Just to check that this was not a random coincidence, let us run this experiment 1000 times and look at the statistics:

In [11]:
N_EXPERIMENTS = 1000

In [14]:
def get_model_performance(y_true):
    # copy labels over predictions
    y_pred = y_true.copy()
    # pick 100 positions on y_pred to replace label by random prediction
    replaced_pred_inds = np.random.choice(len(y_true), size=100, replace=False)
    # replaced labels by random predictions on those positions
    y_pred[replaced_pred_inds] = np.random.randint(0,4+1, size=100)
    
    k = cohen_kappa_score(y_true, y_pred, weights='quadratic')
    mcc = matthews_corrcoef(y_true, y_pred)
    acc = accuracy_score(y_true, y_pred)
    b_acc = balanced_accuracy_score(y_true, y_pred)
    
    return k, mcc, acc, b_acc
    
ks_balanced, mccs_balanced = np.zeros((N_EXPERIMENTS,)), np.zeros((N_EXPERIMENTS,))
accs_balanced, bal_accs_balanced = np.zeros((N_EXPERIMENTS,)), np.zeros((N_EXPERIMENTS,))
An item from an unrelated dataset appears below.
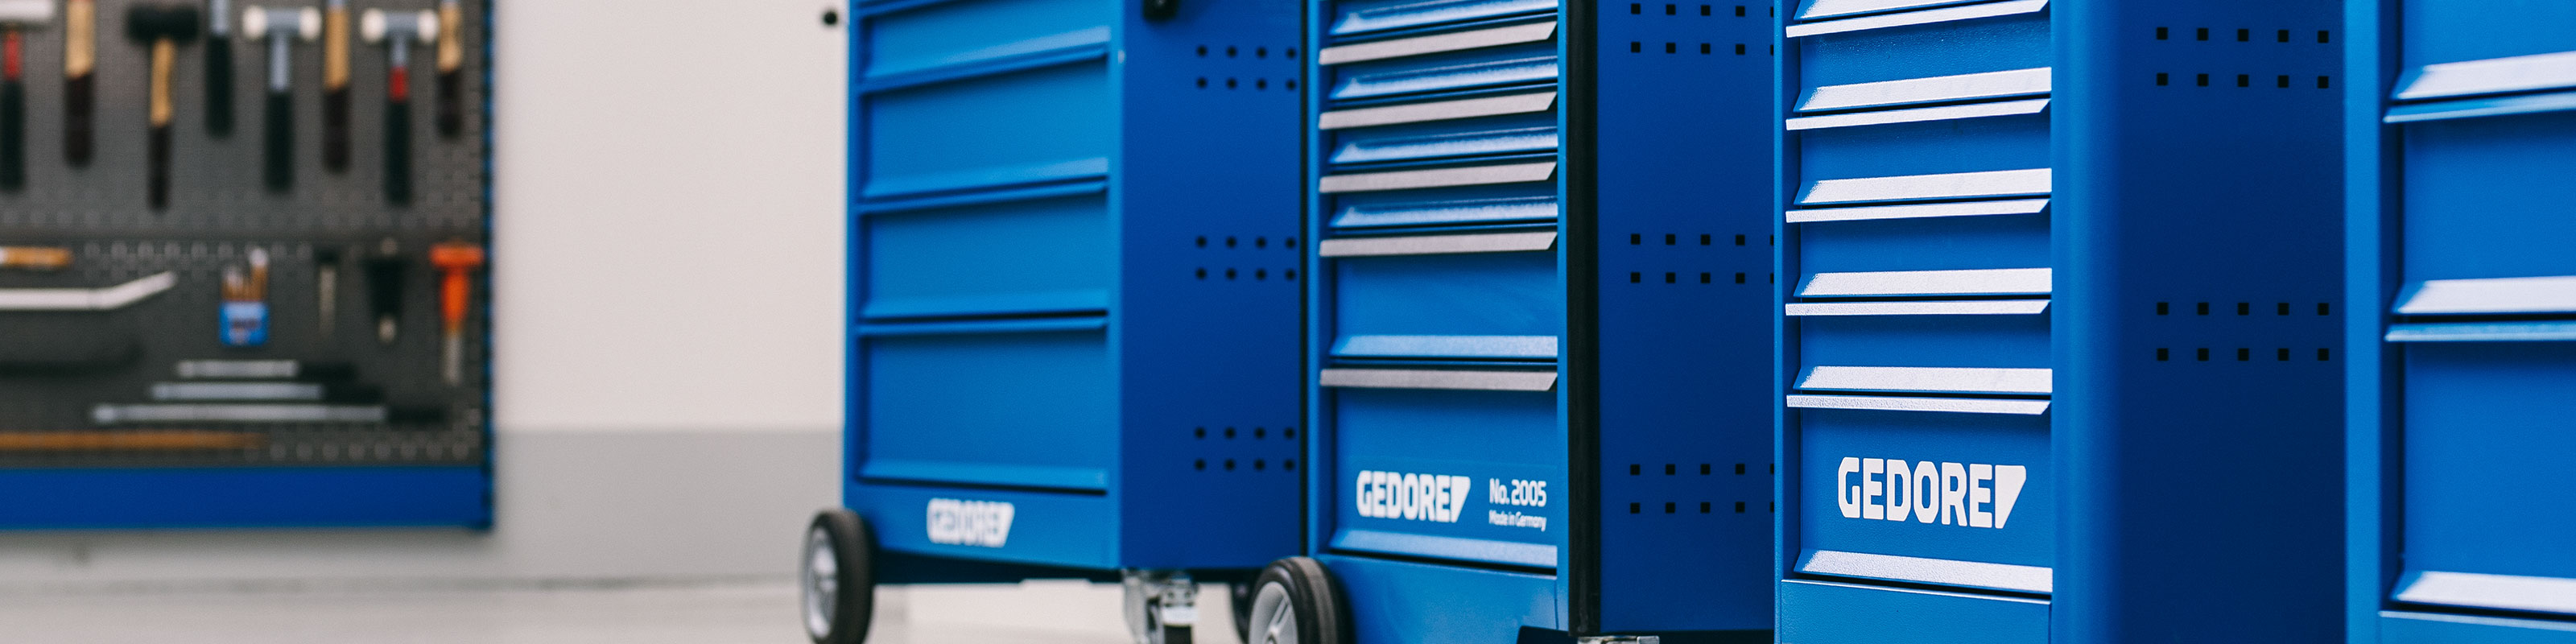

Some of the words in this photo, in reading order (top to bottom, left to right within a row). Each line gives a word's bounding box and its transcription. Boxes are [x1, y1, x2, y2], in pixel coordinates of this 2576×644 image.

ks_imbalanced, mccs_imbalanced = np.zeros((N_EXPERIMENTS,)), np.zeros((N_EXPERIMENTS,))
accs_imbalanced, bal_accs_imbalanced = np.zeros((N_EXPERIMENTS,)), np.zeros((N_EXPERIMENTS,))

for ex in range(N_EXPERIMENTS):
    # balanced dataset
    y_true = np.array(100*[0] + 100*[1] + 100*[2] + 100*[3] + 100*[4])
    k, mcc, acc, bal_acc = get_model_performance(y_true)
    
    ks_balanced[ex], mccs_balanced[ex], accs_balanced[ex], bal_accs_balanced[ex] = k, mcc, acc, bal_acc
    
    # imbalanced dataset - label shift
    y_true = np.array(280*[0] + 100*[1] + 100*[2] + 10*[3] + 10*[4])
    k, mcc, acc, bal_acc = get_model_performance(y_true)
    
    ks_imbalanced[ex], mccs_imbalanced[ex], accs_imbalanced[ex], bal_accs_imbalanced[ex] = k, mcc, acc, bal_acc

In [15]:
print('BALANCED DATASET:')
print('Avg Quad-kappa    = {:.2f}+/-{:.2f}'.format(100*ks_balanced.mean(), 100*ks_balanced.std()))
print('Avg MCC           = {:.2f}+/-{:.2f}'.format(100*mccs_balanced.mean(), 100*mccs_balanced.std()))
print('Avg Accuracy      = {:.2f}+/-{:.2f}'.format(100*accs_balanced.mean(), 100*accs_balanced.std()))
print('Avg Bal. Accuracy = {:.2f}+/-{:.2f}'.format(100*bal_accs_balanced.mean(), 100*bal_accs_balanced.std()))

print(40*'-')

print('IMBALANCED DATASET:')
print('Avg Quad-kappa    = {:.2f}+/-{:.2f}'.format(100*ks_imbalanced.mean(), 100*ks_imbalanced.std()))
print('Avg MCC           = {:.2f}+/-{:.2f}'.format(100*mccs_imbalanced.mean(), 100*mccs_imbalanced.std()))
print('Avg Accuracy      = {:.2f}+/-{:.2f}'.format(100*accs_imbalanced.mean(), 100*accs_imbalanced.std()))
print('Avg Bal. Accuracy = {:.2f}+/-{:.2f}'.format(100*bal_accs_imbalanced.mean(), 100*bal_accs_imbalanced.std()))

BALANCED DATASET:
Avg Quad-kappa    = 80.09+/-2.27
Avg MCC           = 80.03+/-1.01
Avg Accuracy      = 84.00+/-0.81
Avg Bal. Accuracy = 84.00+/-0.81
----------------------------------------
IMBALANCED DATASET:
Avg Quad-kappa    = 62.77+/-3.37
Avg MCC           = 75.80+/-1.18
Avg Accuracy      = 84.02+/-0.81
Avg Bal. Accuracy = 83.91+/-3.19


Note that even if on average balanced accuracy and accuracy are similar in the long run, the standard devation of the balanced accuracies is much larger; it is even higher than the standard deviation of the quadratic kappa!

### Conclusion:
If one has datasets from different regions or different moments in time, one should be careful with comparing the performance of the same model on those using the quadratric kappa metric, since this is not an apples to apples comparison. It would be wiser to use accuracy instead, or MCC. It is also interesting to note that Balanced Accuracy is only a fair metric for a large number of datasets.